Downsizing coming to LTC

Specialties Geriatric

Published

I wanted to get some information as I heard that several NYC non profit SNF are going to be reducing beds and that a few SNFs may close. Maintaining census is getting hard as hospitals referring more of their patients to home health services and managed care is reducing LOS. Home health is booming but SNF care and sub acute care in SNF could be dwindling. My concern is that with so many new nurses graduating, the few opportunities available to these nurses (LTC & Sub acute care) will get even fewer. It is sad to see a new nurse have to go to a LTC/SN facility but at least it is a job with some experience. (New nurses need to go to a hospital to learn the basics and assessment skills then go out into specialty areas---you can not run until you learn to walk). As these places reduce beds or close (lets hope not), this further reduces the few opportunities available. I live and work in NYC. The job market for experienced nurses is tight and very difficult for a new nurse, even if she has a BSN. LTC was more open to new grads and was more willing to take a chance on a new comer. I am concerned for the new grads but also for us veteran nurses as to what is going on. We have had several SNF close/downsize recently without any public out crying and the fear among my colleagues in the industry is that more downsizing and closures are coming for non profit SNF.

Comments...

Specializes in HH, Peds, Rehab, Clinical.

Really? Do you REALLY believe what you just wrote, much less his "send" on?

I feel very sad for you if you think that ONLY hospital experience is valuable and that "having" to go to a SNF/LTC is some kind of punishment. LTC/Rehab nurses get more chances at assessments that many hospital nurses. Many of them become pretty freaking awesome at it too!! YOU are just the type of person that perpetuates the myth that the only job a new grad should have is hospital-based, and then when they can't land one, they feel like a failure.

Shame, shame, shame on you.

Specializes in Case mgmt., rehab, (CRRN), LTC & psych.
I wanted to get some information as I heard that several NYC non profit SNF are going to be reducing beds and that a few SNFs may close.
The situation is totally different in the neck of the woods where I live (Dallas/Fort Worth, Texas). The post-acute market is booming, with new LTC facilities and specialty rehab hospitals being built to meet the demand.

Acute care hospital inpatient stays are decreasing in length around here, but the patients typically discharge to SNF or a post-acute rehab hospital for a few weeks of PT/OT because these people are simply too ill to go home safely.

Be cognizant that the local economy is probably intertwined in all of this. Most parts of Texas did not experience the steep rises in unemployment and homelessness that plagued NYC, Philly, and other Northeastern metropolitan areas. Therefore, a higher percentage of people are employed and insured here, which helps to maintain their statuses as active consumers of acute and post-acute care.

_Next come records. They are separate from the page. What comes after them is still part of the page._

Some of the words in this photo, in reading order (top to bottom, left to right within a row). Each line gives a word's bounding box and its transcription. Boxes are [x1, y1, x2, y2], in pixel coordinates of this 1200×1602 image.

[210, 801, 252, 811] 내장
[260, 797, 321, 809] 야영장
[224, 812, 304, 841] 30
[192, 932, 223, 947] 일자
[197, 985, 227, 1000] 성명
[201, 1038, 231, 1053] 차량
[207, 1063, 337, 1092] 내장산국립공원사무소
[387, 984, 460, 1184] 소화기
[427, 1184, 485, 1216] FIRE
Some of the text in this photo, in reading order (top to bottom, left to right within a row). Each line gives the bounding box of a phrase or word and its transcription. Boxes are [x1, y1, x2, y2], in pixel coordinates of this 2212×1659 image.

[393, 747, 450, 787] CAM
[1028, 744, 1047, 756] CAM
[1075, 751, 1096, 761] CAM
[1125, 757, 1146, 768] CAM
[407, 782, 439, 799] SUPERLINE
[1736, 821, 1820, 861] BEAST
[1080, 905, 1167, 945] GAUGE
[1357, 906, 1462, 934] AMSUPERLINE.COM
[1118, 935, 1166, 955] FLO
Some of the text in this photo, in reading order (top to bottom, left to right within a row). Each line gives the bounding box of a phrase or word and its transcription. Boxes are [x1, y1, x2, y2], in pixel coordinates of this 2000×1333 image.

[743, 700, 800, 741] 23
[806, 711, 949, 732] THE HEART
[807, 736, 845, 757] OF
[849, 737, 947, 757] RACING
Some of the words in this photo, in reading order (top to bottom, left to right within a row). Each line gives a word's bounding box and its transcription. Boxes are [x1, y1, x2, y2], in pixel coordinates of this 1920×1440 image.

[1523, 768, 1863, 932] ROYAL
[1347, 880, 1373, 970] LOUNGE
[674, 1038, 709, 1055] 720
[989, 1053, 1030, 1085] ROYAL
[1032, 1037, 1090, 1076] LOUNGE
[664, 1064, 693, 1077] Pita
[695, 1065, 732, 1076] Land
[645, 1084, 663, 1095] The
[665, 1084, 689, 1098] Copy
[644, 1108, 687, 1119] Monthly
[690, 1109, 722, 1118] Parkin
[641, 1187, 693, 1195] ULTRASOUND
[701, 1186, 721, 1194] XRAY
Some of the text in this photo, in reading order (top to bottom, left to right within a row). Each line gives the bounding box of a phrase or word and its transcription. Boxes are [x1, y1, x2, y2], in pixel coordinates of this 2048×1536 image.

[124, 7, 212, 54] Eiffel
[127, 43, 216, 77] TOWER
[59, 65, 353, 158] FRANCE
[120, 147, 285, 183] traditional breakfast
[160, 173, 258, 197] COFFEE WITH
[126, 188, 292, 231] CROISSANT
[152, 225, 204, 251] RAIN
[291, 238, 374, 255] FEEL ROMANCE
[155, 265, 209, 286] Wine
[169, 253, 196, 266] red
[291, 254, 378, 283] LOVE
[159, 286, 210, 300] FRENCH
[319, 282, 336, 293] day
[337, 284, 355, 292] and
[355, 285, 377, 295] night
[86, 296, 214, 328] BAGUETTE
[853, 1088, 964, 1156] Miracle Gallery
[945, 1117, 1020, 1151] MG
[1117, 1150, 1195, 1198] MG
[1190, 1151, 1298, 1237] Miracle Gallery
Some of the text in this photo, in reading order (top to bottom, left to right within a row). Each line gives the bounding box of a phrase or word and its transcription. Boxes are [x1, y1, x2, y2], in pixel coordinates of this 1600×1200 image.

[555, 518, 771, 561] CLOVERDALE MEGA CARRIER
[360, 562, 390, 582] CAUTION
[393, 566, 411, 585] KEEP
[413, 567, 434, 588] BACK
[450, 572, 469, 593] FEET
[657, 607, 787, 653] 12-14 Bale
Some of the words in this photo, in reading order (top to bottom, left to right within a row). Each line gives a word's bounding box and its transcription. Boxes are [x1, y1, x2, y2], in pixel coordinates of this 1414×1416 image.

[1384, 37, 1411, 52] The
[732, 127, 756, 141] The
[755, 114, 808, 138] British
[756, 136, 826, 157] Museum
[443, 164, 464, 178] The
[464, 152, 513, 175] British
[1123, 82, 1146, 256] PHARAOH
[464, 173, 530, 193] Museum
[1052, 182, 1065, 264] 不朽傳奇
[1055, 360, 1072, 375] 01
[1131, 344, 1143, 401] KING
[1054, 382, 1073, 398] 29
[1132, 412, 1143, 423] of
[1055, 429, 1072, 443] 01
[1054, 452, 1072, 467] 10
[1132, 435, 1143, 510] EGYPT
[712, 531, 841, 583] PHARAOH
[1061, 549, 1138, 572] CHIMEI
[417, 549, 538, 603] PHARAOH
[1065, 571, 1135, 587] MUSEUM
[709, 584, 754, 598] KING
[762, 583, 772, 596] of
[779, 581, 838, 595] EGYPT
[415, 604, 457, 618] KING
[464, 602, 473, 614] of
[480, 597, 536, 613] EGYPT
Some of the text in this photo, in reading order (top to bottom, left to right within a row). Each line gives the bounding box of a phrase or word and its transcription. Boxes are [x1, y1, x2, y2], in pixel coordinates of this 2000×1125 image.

Whoa, Bucky. Kinda harsh, don't you think?

I my experience, it is the nursing schools themselves that perpetuate the notions that (A) there is a nursing shortage, and (B) Nursing students should aspire to acute-care, hospital positions.

If anyplace needs to be shamed, it is the nursing schools who perpetuate these myths, in order to keep those tuition dollars flowing in...

Specializes in HH, Peds, Rehab, Clinical.

Exactly. If nursing schools are putting out that propaganda, don't you think it's up to us to dispell the myth?! Why hold back information about the truth or even worse, expound on the lies being told by certain nursing schools?

QUOTE=Dewman;7996726]Whoa, Bucky. Kinda harsh, don't you think?

I my experience, it is the nursing schools themselves that perpetuate the notions that (A) there is a nursing shortage, and (B) Nursing students should aspire to acute-care, hospital positions.

If anyplace needs to be shamed, it is the nursing schools who perpetuate these myths, in order to keep those tuition dollars flowing in...

The LTC facility where I got my first licensed nurse job, downsized more than 20 years ago. Ask me how I know. What is new?